What Is an ICPE?
An installation classée pour la protection de l'environnement (ICPE) is any factory, workshop, depot, construction site, or other installation operated or held by any person — public or private — that may present dangers or disadvantages for the neighbourhood, public health, safety, public hygiene, agriculture, nature, the environment, landscapes, or the rational use of energy (C. env., Art. L. 511-1). The classification is based on the nature and quantity of the products handled, stored, or processed on site.

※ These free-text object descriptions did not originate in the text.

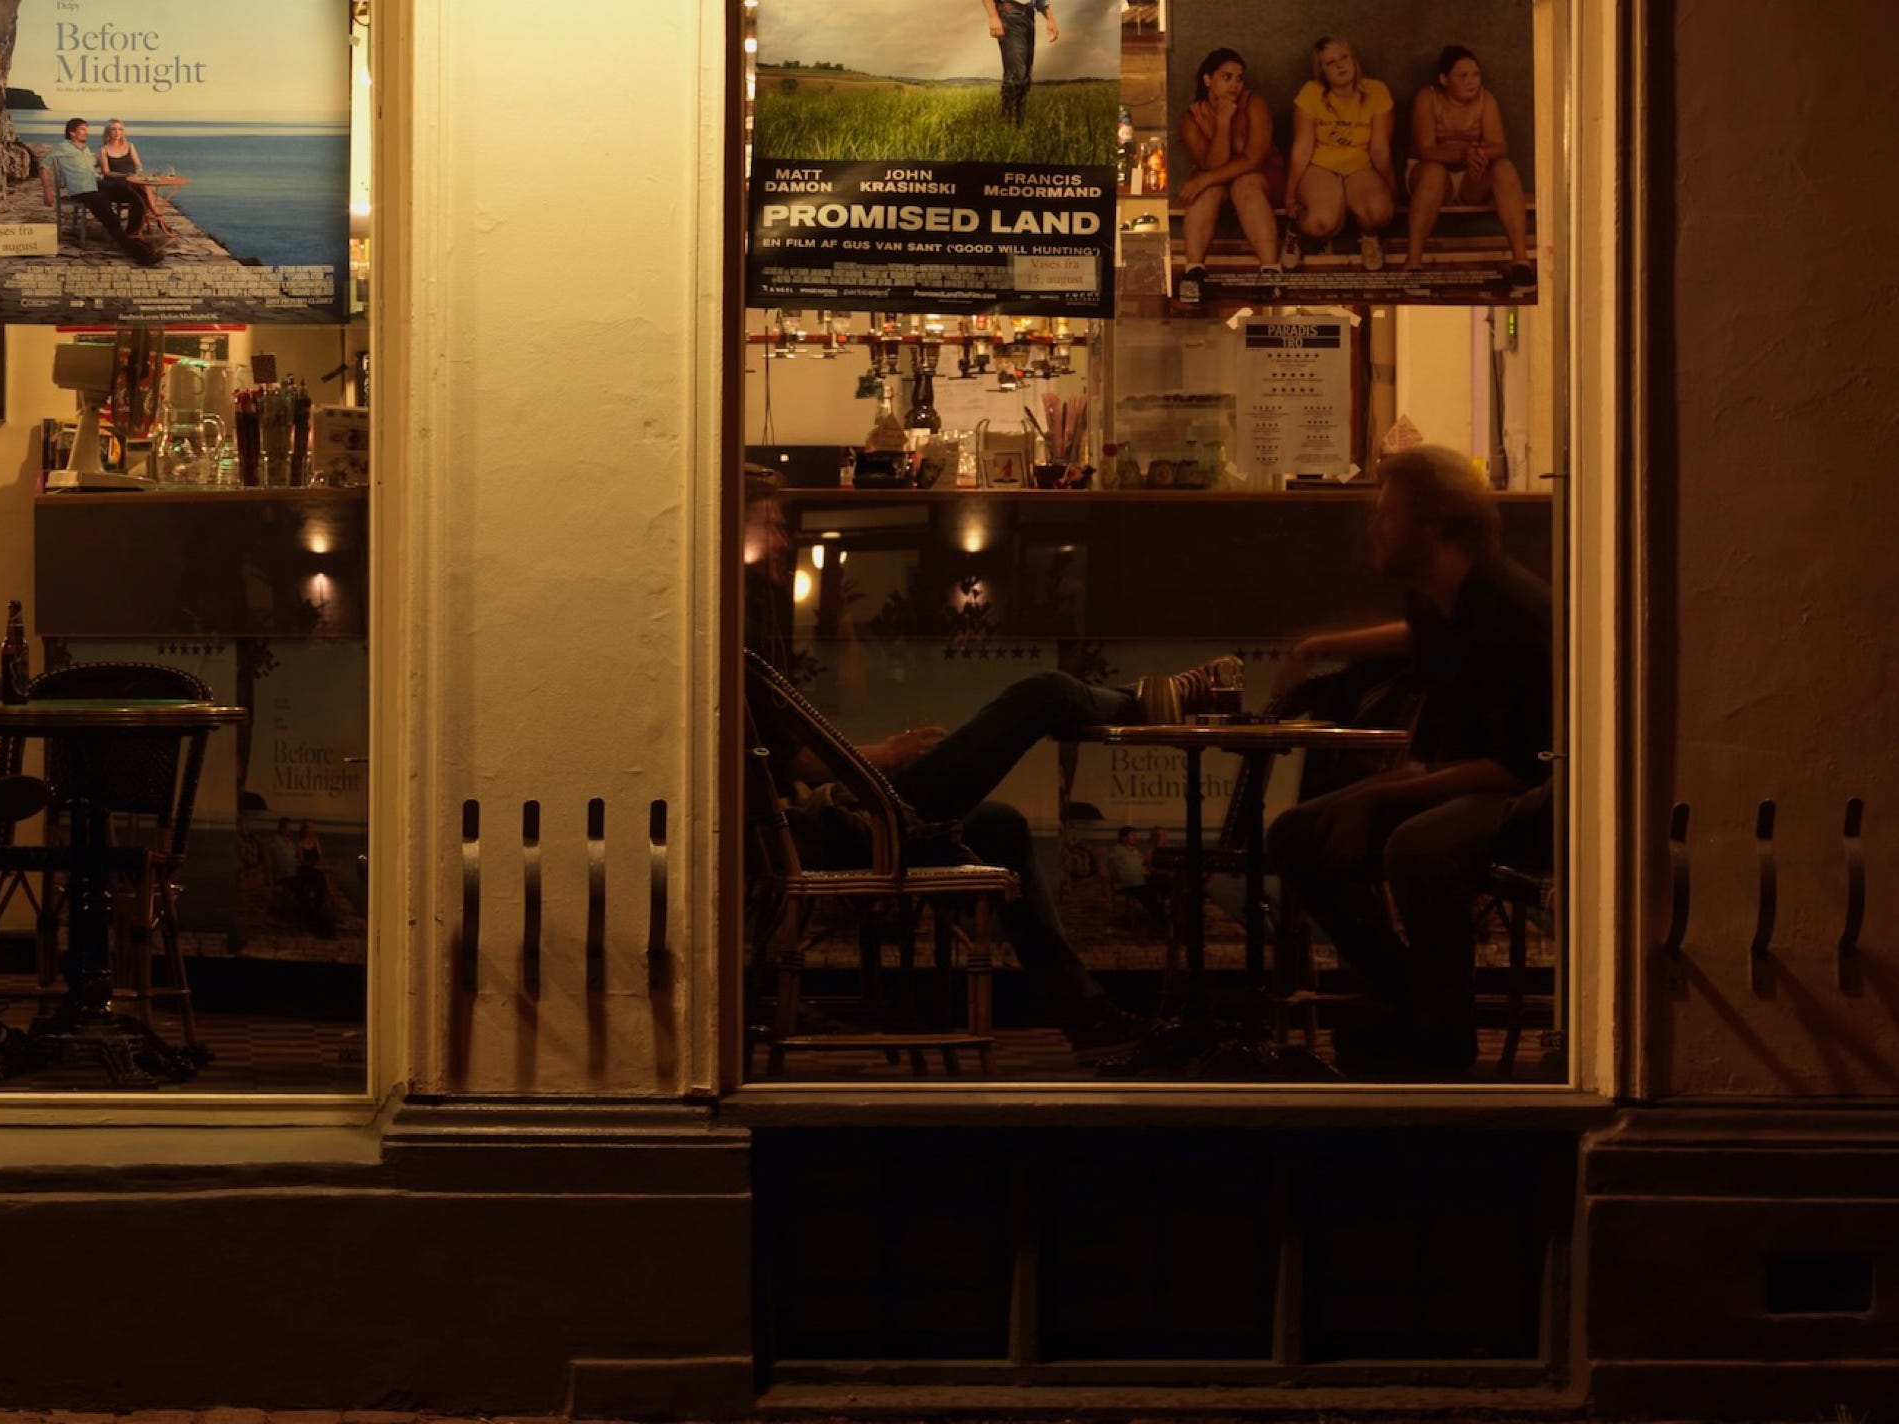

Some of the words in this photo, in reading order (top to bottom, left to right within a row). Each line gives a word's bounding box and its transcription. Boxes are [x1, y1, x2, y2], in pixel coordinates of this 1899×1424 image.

[54, 21, 160, 52] Before
[54, 54, 208, 94] Midnight
[775, 168, 823, 182] MATT
[883, 169, 934, 183] JOHN
[1003, 173, 1083, 187] FRANCIS
[764, 181, 833, 194] DAMON
[859, 182, 958, 196] KRASINSKI
[983, 185, 1103, 199] McDORMAND
[762, 204, 981, 234] PROMISED
[990, 209, 1102, 237] LAND
[17, 225, 34, 237] fra
[2, 241, 38, 254] august
[762, 238, 781, 248] EN
[785, 238, 816, 249] FILM
[821, 239, 839, 249] AF
[843, 240, 870, 251] GUS
[875, 241, 902, 252] VAN
[907, 241, 943, 253] SANT
[998, 244, 1028, 255] WILL
[1030, 258, 1062, 270] Vises
[1064, 259, 1080, 270] fra
[1045, 275, 1083, 287] august
[1267, 324, 1319, 338] PARADIS
[1282, 337, 1304, 349] TRO
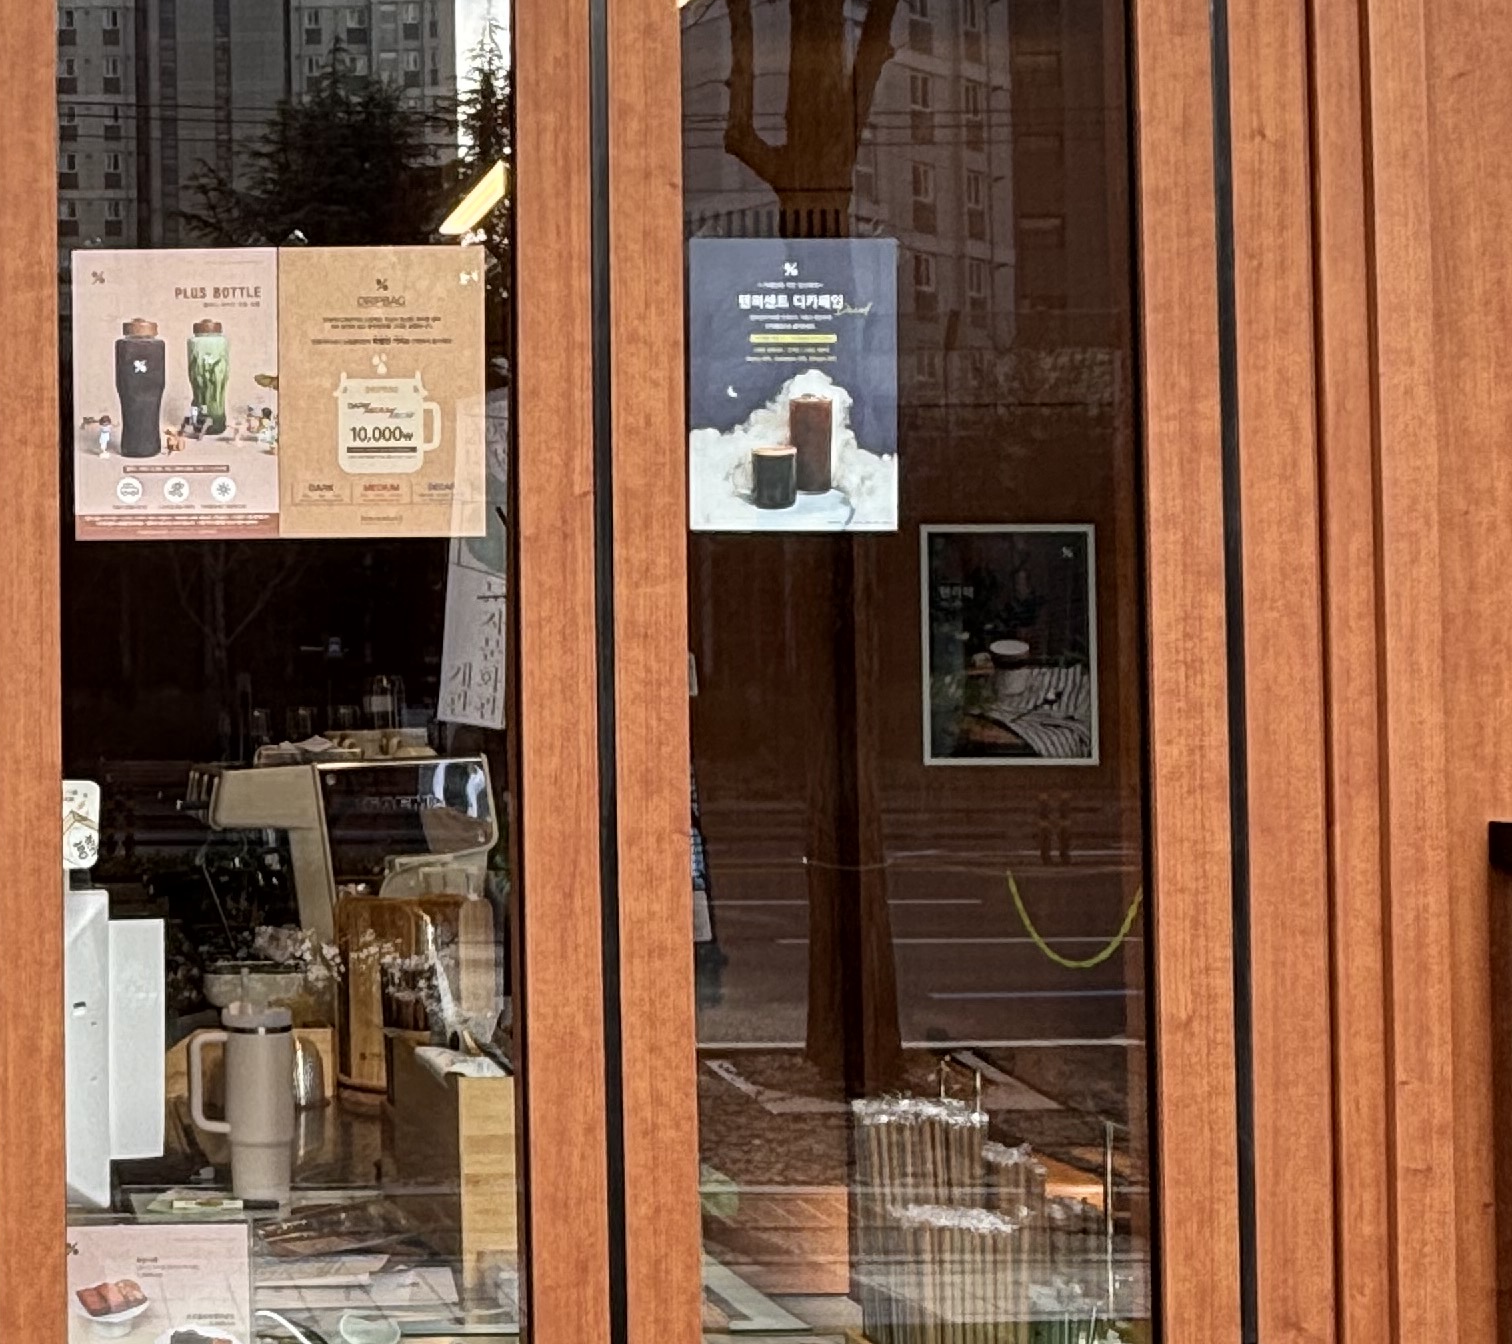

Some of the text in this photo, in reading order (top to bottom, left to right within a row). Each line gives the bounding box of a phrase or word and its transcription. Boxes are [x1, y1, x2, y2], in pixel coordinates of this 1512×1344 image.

[175, 285, 262, 300] PLUS BOTTLE
[357, 296, 406, 307] DRIPBAG
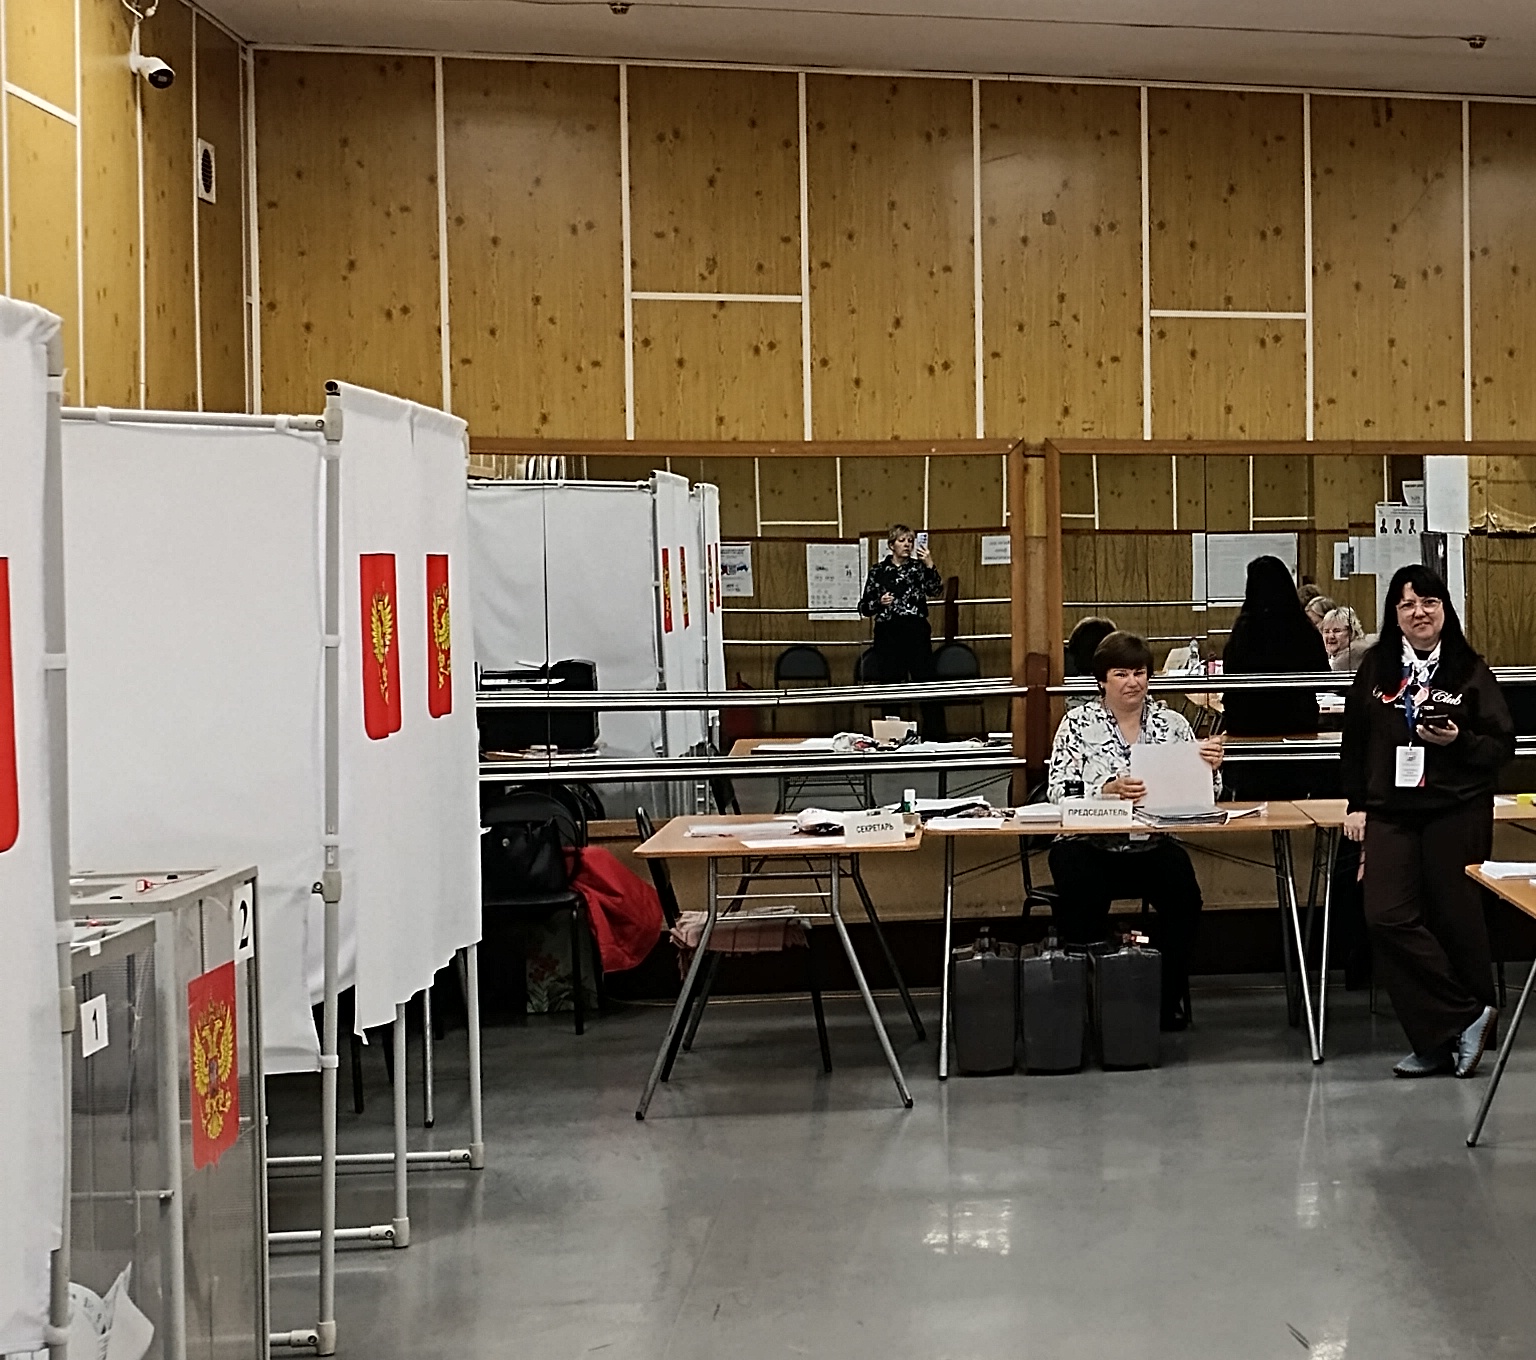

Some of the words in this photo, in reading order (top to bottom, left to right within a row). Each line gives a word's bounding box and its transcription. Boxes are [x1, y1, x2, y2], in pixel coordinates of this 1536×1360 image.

[1431, 689, 1462, 705] Club
[1068, 808, 1128, 816] ПРЕДСЕДАТЕЛЬ
[856, 823, 894, 833] СЕКРЕТАРЬ
[239, 900, 249, 950] 2
[92, 1008, 98, 1040] 1
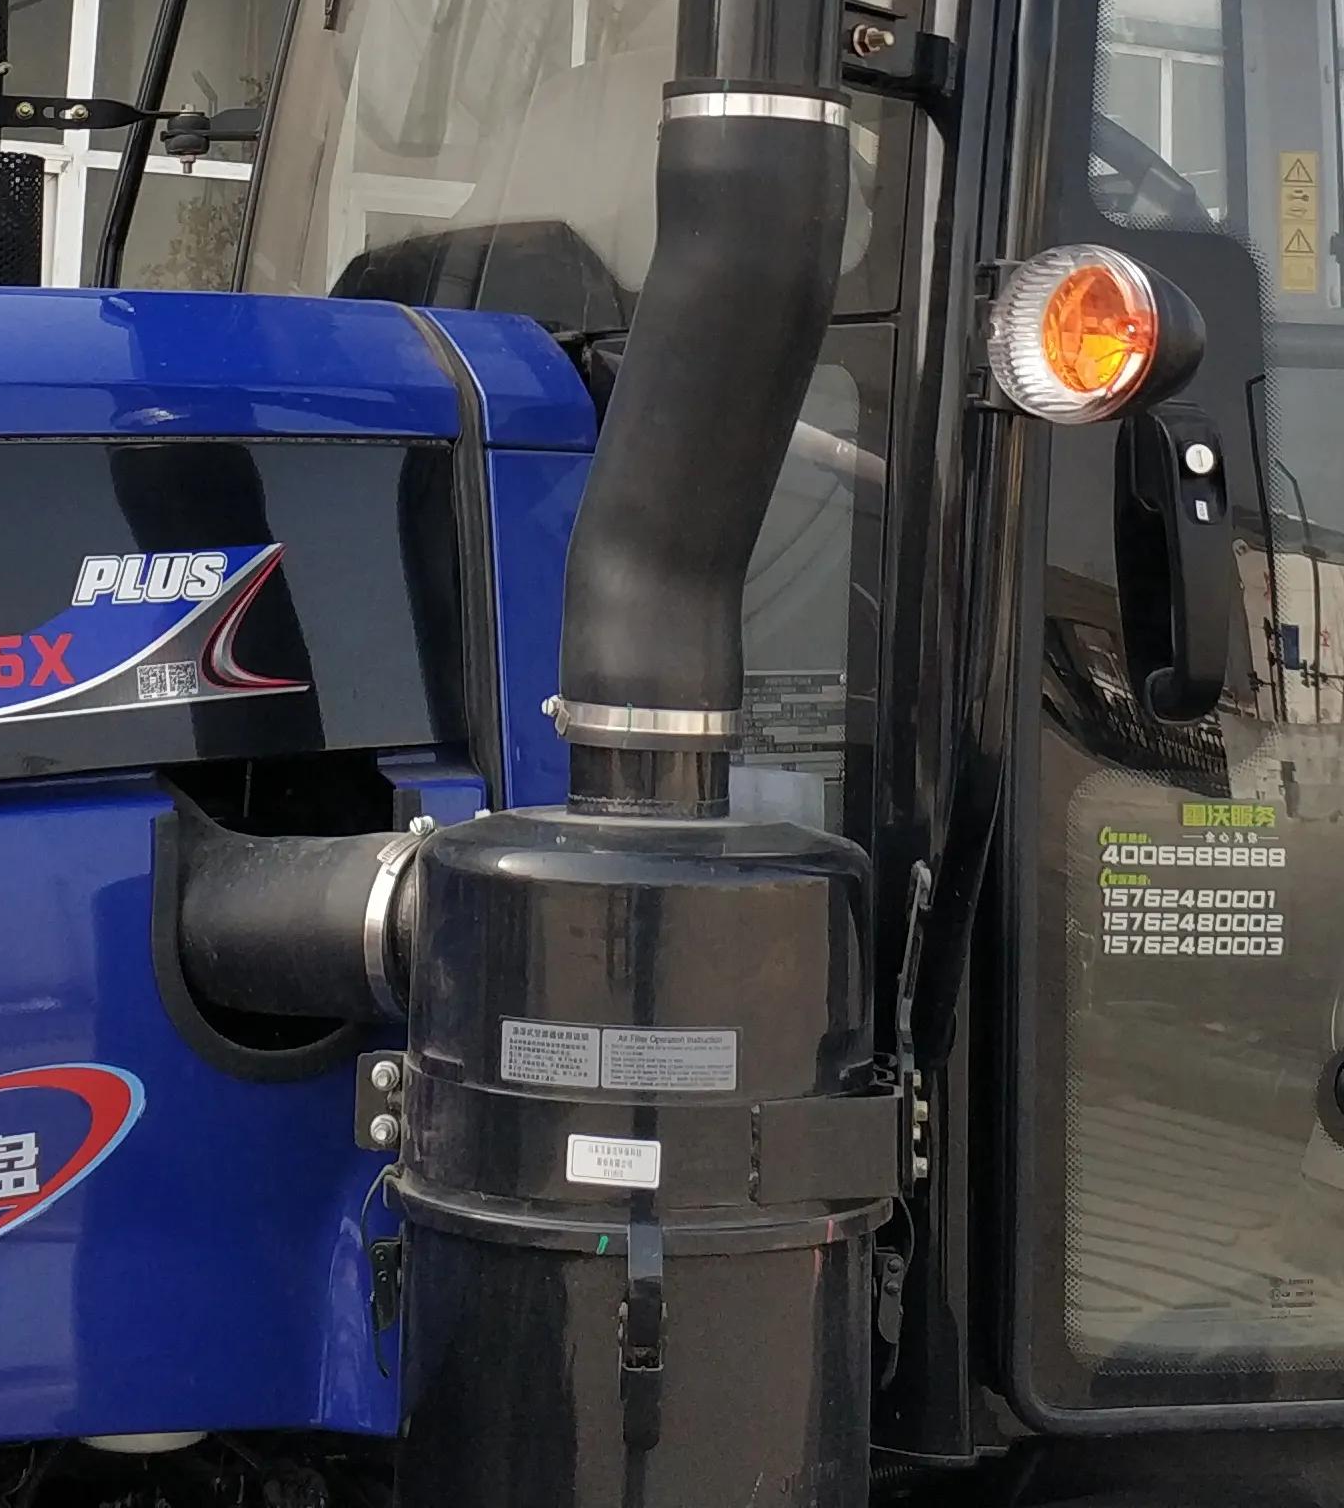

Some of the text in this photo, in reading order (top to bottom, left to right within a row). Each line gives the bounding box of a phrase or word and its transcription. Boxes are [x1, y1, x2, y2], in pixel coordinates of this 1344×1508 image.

[72, 552, 229, 606] PLUS
[1182, 804, 1276, 827] 雷沃服务
[1102, 845, 1286, 867] 4006589888
[1103, 888, 1275, 909] 15762480001
[1103, 912, 1284, 932] 15762480002
[1103, 935, 1284, 955] 15762480003

| Regime | Code | Trigger | Key formality |
|---|---|---|---|
| Non-classified | NC | Below classification thresholds | Subject to the mayor's police powers only |
| Déclaration | D | No serious danger; below authorisation threshold | Declaration filed with the prefecture before commissioning |
| Déclaration avec contrôle | DC | As D, plus periodic inspection requirement | Declaration + periodic inspection by accredited body |
| Enregistrement | E | Intermediate regime (simplified authorisation) | Application to prefecture; local authorities consulted; possible public inquiry |
| Autorisation | A | Serious dangers or disadvantages for the environment | Full authorisation application including danger study, impact study, public inquiry |
| Autorisation avec servitudes | AS | Particularly serious dangers (Seveso high threshold) | As A, plus public utility easements restricting construction in the surrounding perimeter |
Who Is the Operator? Tenant, Not Landlord
The ICPE regime places all regulatory obligations on the exploitant — the operator of the installation. The concept of operator is specific to environmental law and entirely independent of the ownership or rental of the land. In a commercial lease context, the operator is almost always the tenant. Whether the tenant is the owner, a leaseholder, or a sub-lessee is irrelevant to the environmental authorities. The tenant who installs and operates an ICPE on leased premises must carry out all required formalities — declaration, registration, or authorisation — in their own name, and bears personal responsibility for compliance throughout the period of operation.
A tenant and sub-tenant who operated a warehouse for several years without verifying whether it complied with ICPE environmental regulations committed a fault, regardless of whether they knew of the non-compliance (Cass. 3e civ., 4 June 2009, n° 08-12.126). The obligation to comply with the police des installations classées rests on the operator. Ignorance of the classification status of an installation is not a defence.
When the Landlord May Also Be Liable
The landlord is not the operator and does not bear the primary ICPE obligations. However, a landlord who lets premises intrinsically intended to house ICPE — for example, a warehouse whose primary purpose is storage of classified products — without having first obtained the required declaration, registration, or authorisation, commits a contractual fault in the delivery obligation. Where the premises are intrinsically suited to ICPE activity, the landlord who delivers them without compliance has committed the primary fault and cannot then invoke the tenant's non-compliance against the tenant (Cass. 3e civ., 4 June 2009, n° 08-12.126).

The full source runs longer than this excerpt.